Будучи инженером бригады внешнего монтажа, Виталий Николаевич побывал и на крупнейших новостройках, и на заводах с устоявшимися традициями, посидел на совещаниях разных уровней и даже в главках. Много хвалебных и просто трескучих слов сказано в пользу хозрасчетных комплексных бригад, много цифр доказывает безоговорочную полезность таких начинаний, но по сути своей начинание это и не ново, и не столь перспективно. В принципе, в разных вариантах такое было еще в тридцатых годах и сразу после войны, что вовсе не значит, будто такой метод работы сам по себе не вносит ничего нового и нужного. Словом, в разговоре и призывах как-то затерялась суть. Жаль. Но вот здесь, в цехе энергомонтажа, рождается на самом деле что-то принципиально новое. Что-то? Да ведь новое всегда что-то, не вдруг и не каждый может увидеть самую, как говорится, сердцевину.

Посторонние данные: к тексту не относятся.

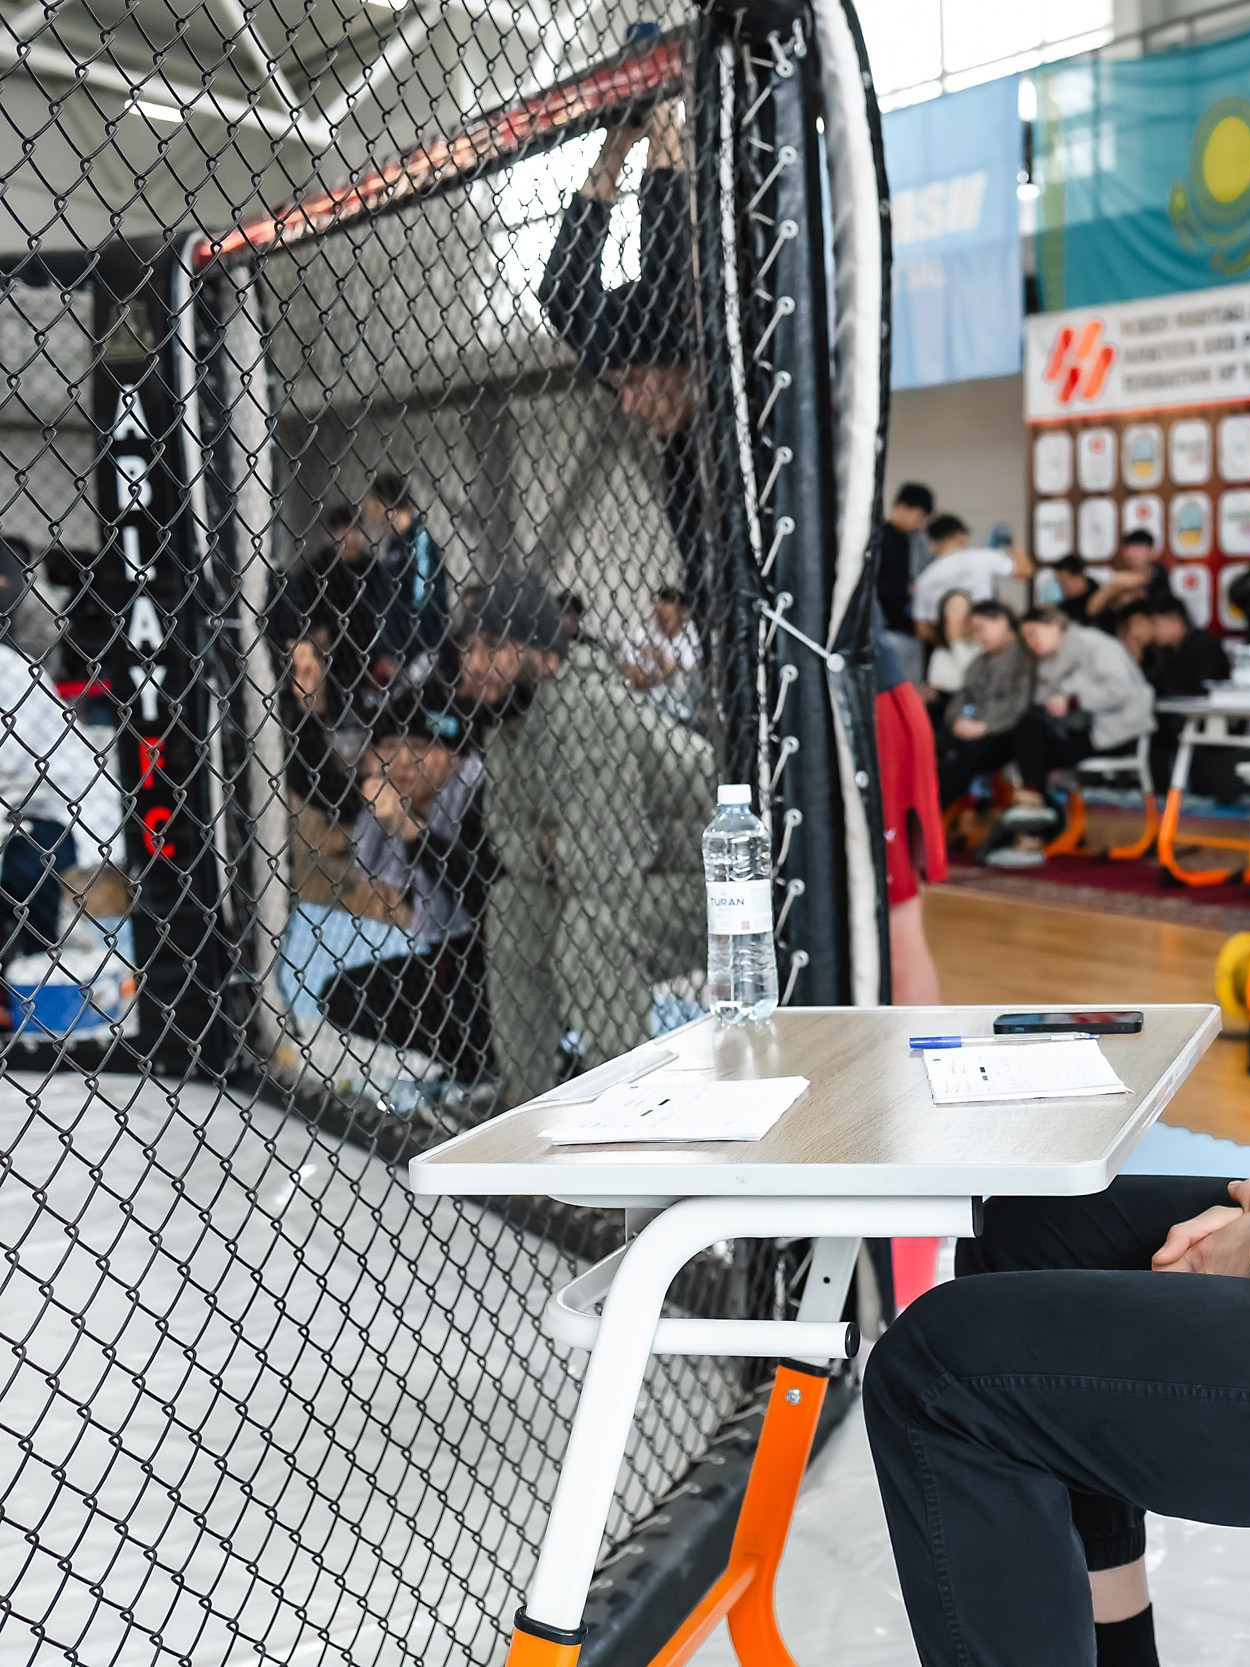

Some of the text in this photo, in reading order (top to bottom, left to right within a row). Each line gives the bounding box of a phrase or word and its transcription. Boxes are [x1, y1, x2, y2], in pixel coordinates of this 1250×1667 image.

[112, 382, 176, 860] ABLAY FC
[710, 897, 745, 907] TURAN
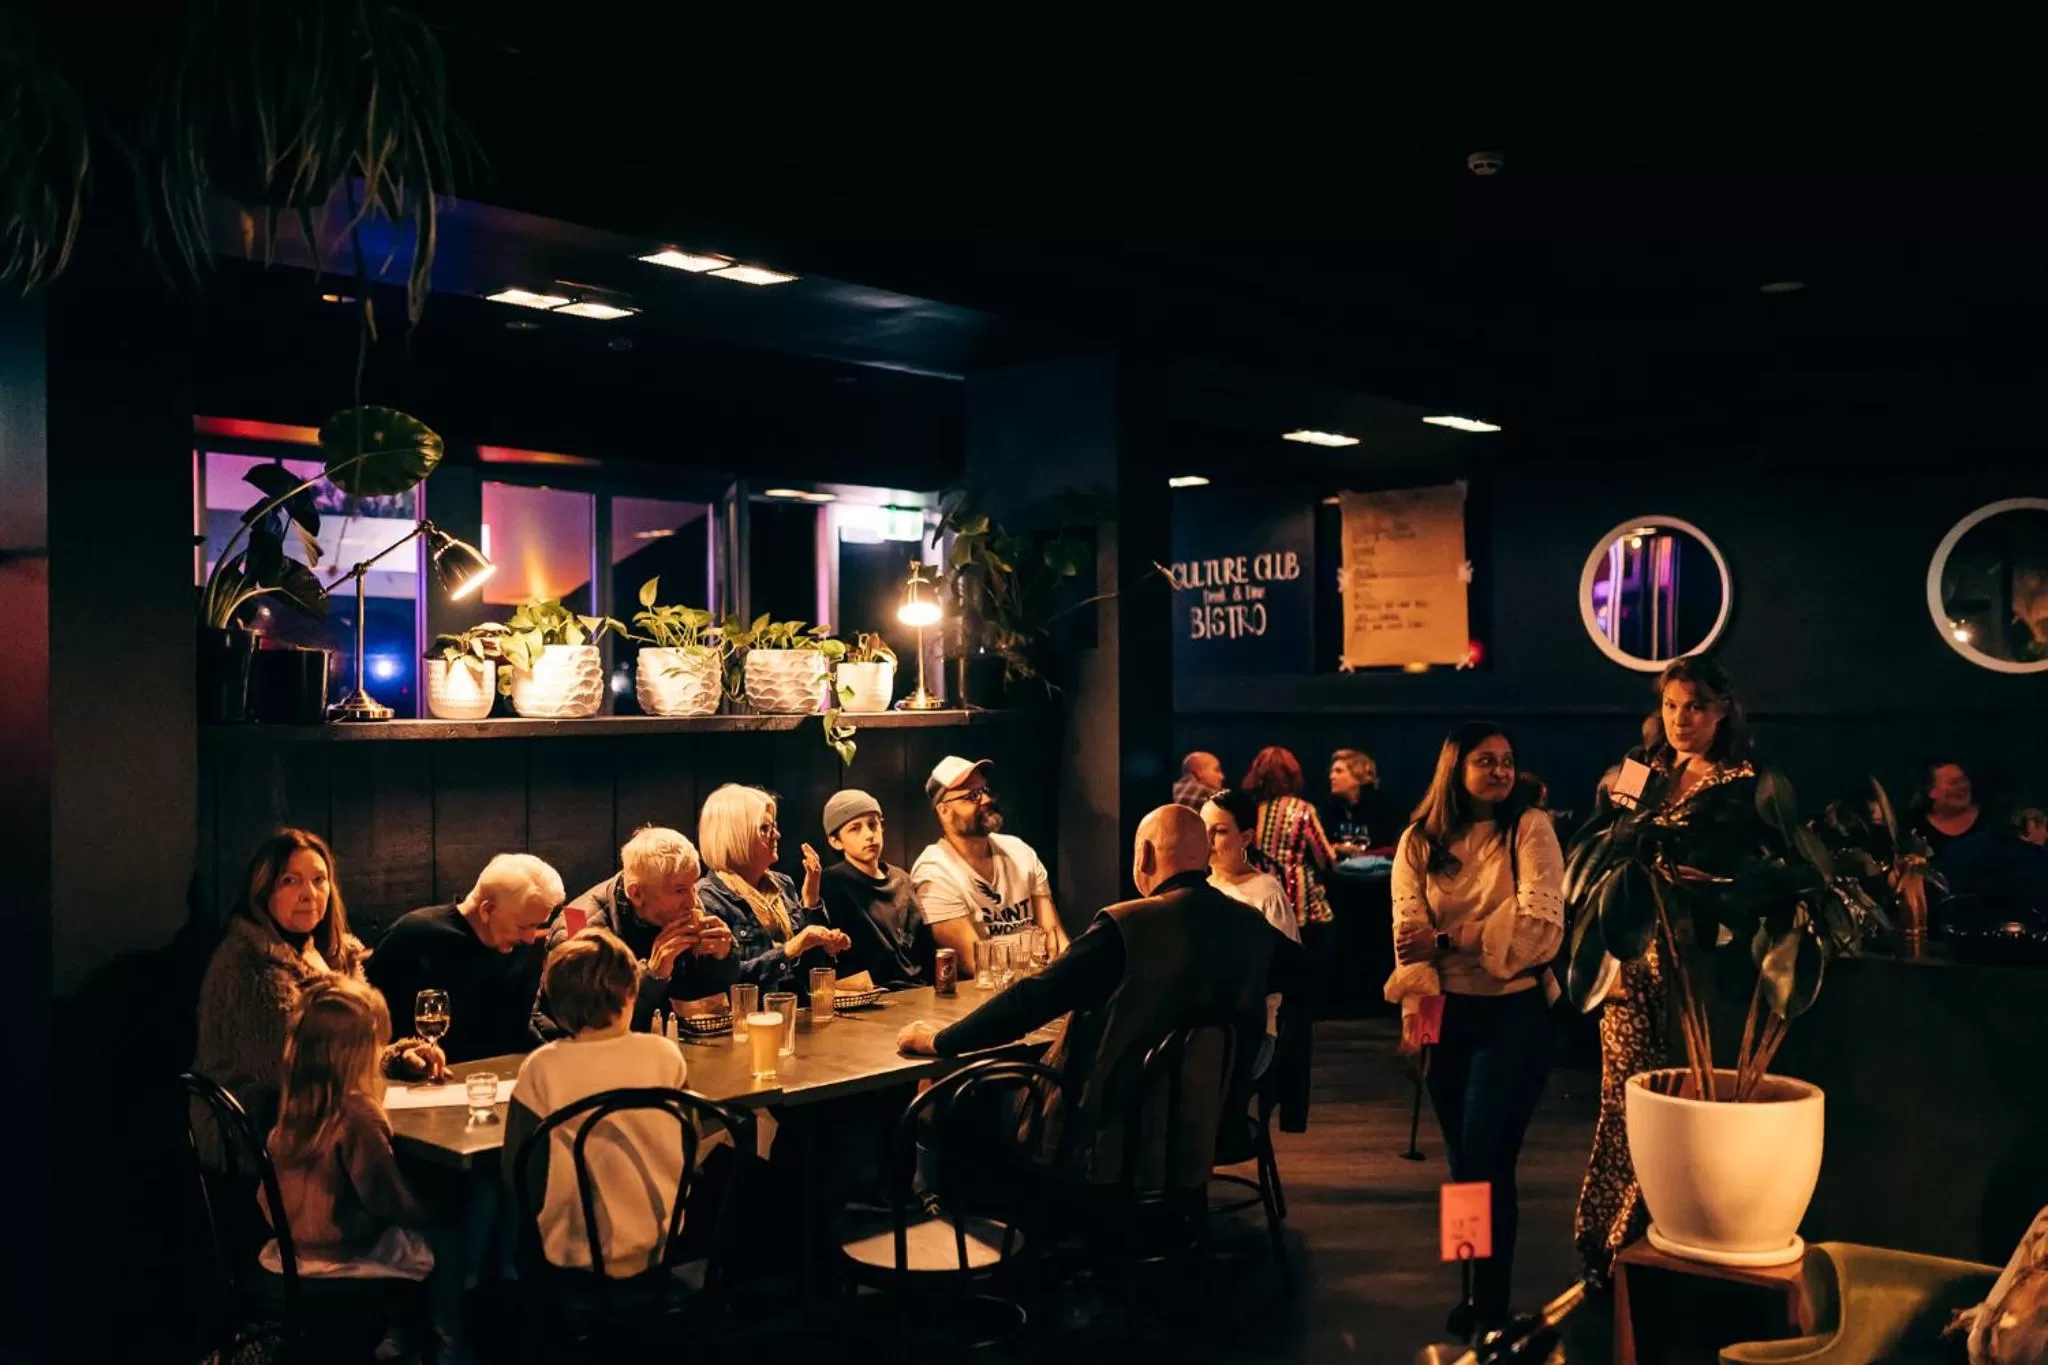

В бригаде Павлова давно уже сложилась атмосфера, во многом не похожая на общую ситуацию в цехе. Разные люди давали различные толкования и объяснения этому явлению. Слышал, например, Виталий Николаевич как-то: «Стрельцов свои замашки прививает. Нахватался у деда Гордея». И не какой-нибудь салага говорил такое, кадровый заводчанин Ступак говорил. «Нет рентабельности в павловских новшествах», — категорически заявил совсем недавно заводской экономист. Директор и вовсе насторожил: «Вы присмотритесь там, как все это влияет на трудовую дисциплину? Своевольство редко цементирует».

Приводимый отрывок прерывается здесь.